Kafka Summit 2017-sf (pipeline)

Billions of Messages a Day – Yelp’s Real-time Data Pipeline

by Justin Cunningham, Technical Lead, Software Engineering, Yelp
video, slide
Yelp moved quickly into building out a comprehensive service oriented architecture, and before long had over 100 data-owning production services. Distributing data across an organization creates a number of issues, particularly around the cost of joining disparate data sources, dramatically increasing the complexity of bulk data applications. Straightforward solutions like bulk data APIs and sharing data snapshots have significant drawbacks. Yelp’s Data Pipeline makes it easier for these services to communicate with each other, provides a framework for real-time data processing, and facilitates high-performance bulk data applications – making large SOAs easier to work with. The Data Pipeline provides a series of guarantees that makes it easy to create universal data producers and consumers that can be mashed up into interesting real-time data flows.
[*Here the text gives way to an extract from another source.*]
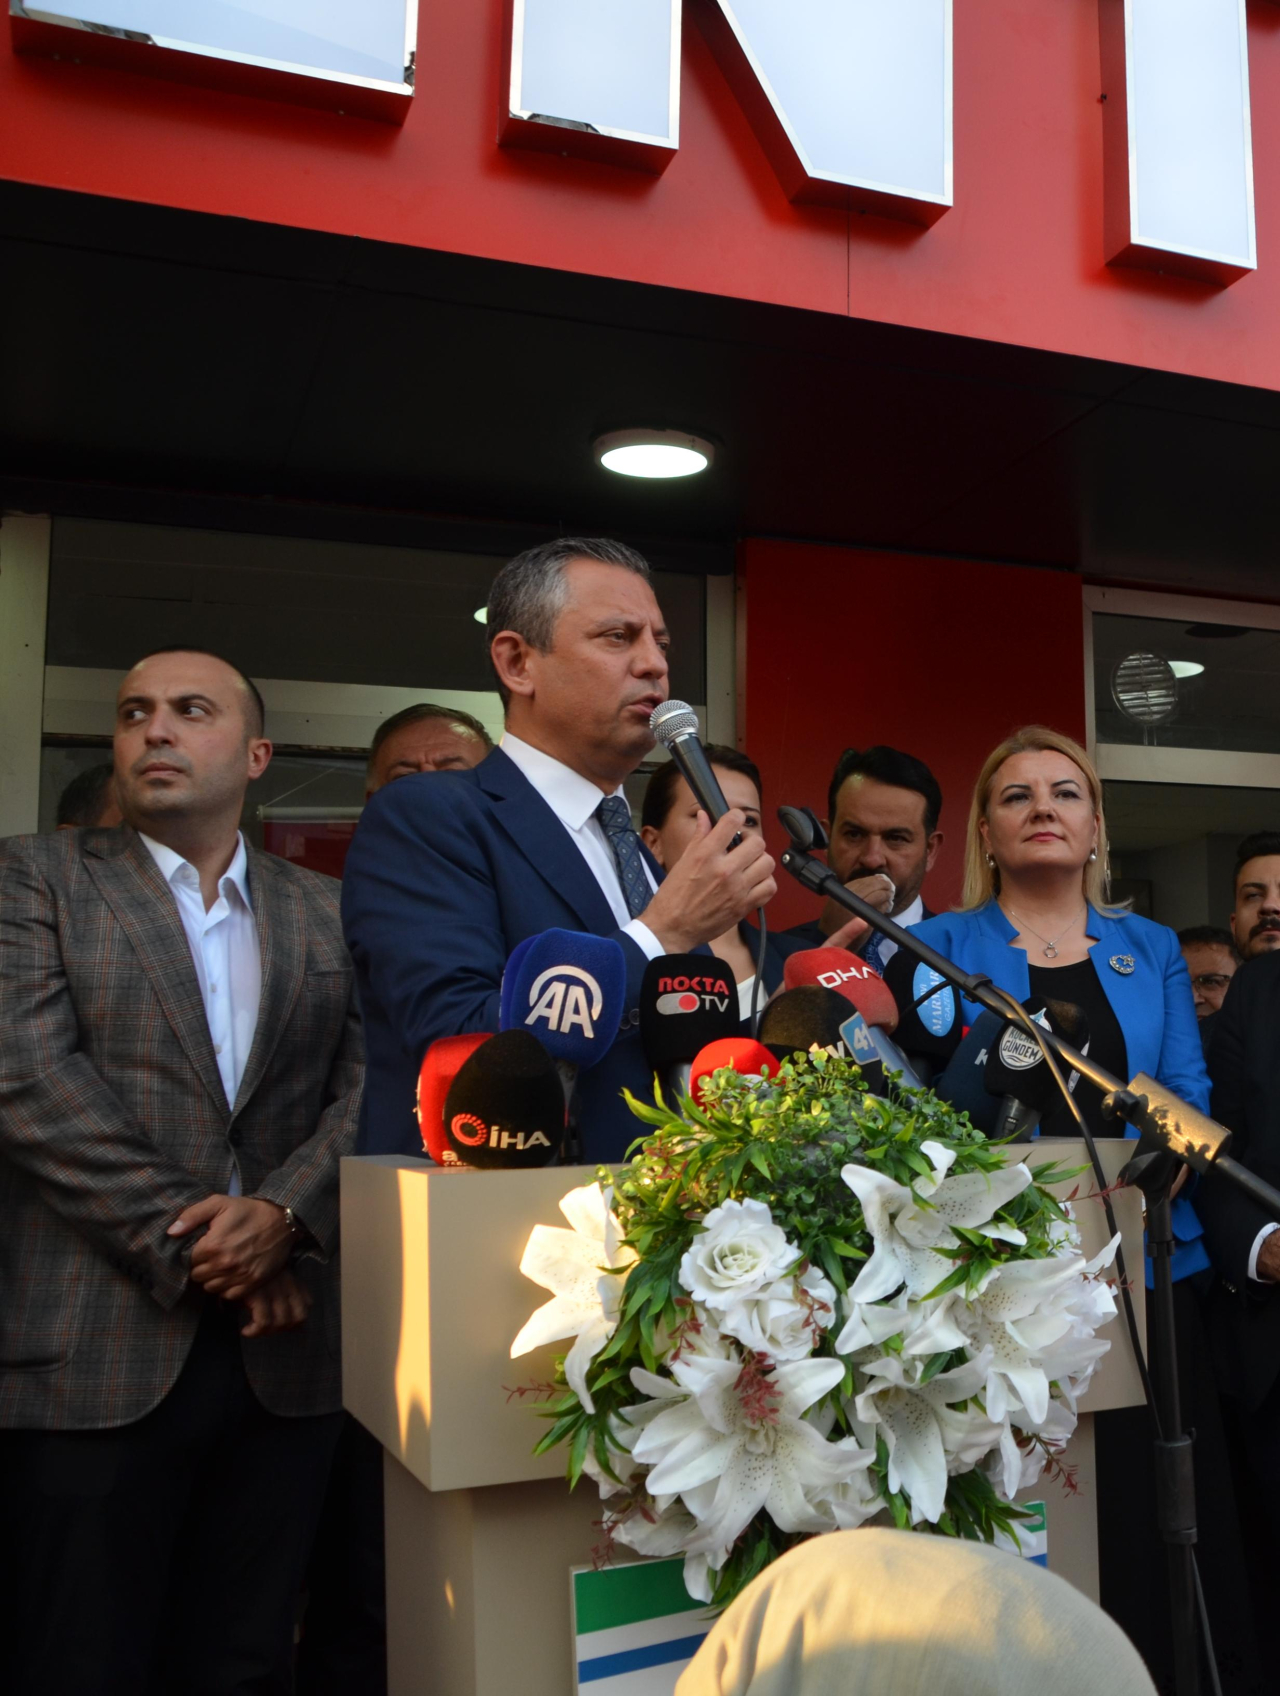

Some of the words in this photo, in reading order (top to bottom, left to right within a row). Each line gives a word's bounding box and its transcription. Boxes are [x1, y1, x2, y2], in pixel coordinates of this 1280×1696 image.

[524, 981, 595, 1039] AA
[700, 994, 730, 1013] TV
[489, 1125, 551, 1150] İHA
We’ll show how a few simple services at Yelp lay the foundation that powers everything from search to our experimentation framework.

以下内容来自谷歌翻译：
Yelp迅速建立了面向全面的面向服务架构，并且长期以来一直拥有超过100个数据拥有的生产服务。跨组织分发数据会产生一些问题，特别是在加入不同数据源的成本之间，大大增加了批量数据应用程序的复杂性。直观的解决方案，如批量数据API和共享数据快照具有重大缺陷。 Yelp的数据管道使这些服务更容易相互通信，为实时数据处理提供框架，并促进高性能批量数据应用程序 - 使大型SOA更易于使用。数据管道提供了一系列保证，可以轻松创建通用数据生产者和消费者，从而将其融入有趣的实时数据流中。我们将展示Yelp的几个简单服务如何为搜索到实验框架提供一切依据。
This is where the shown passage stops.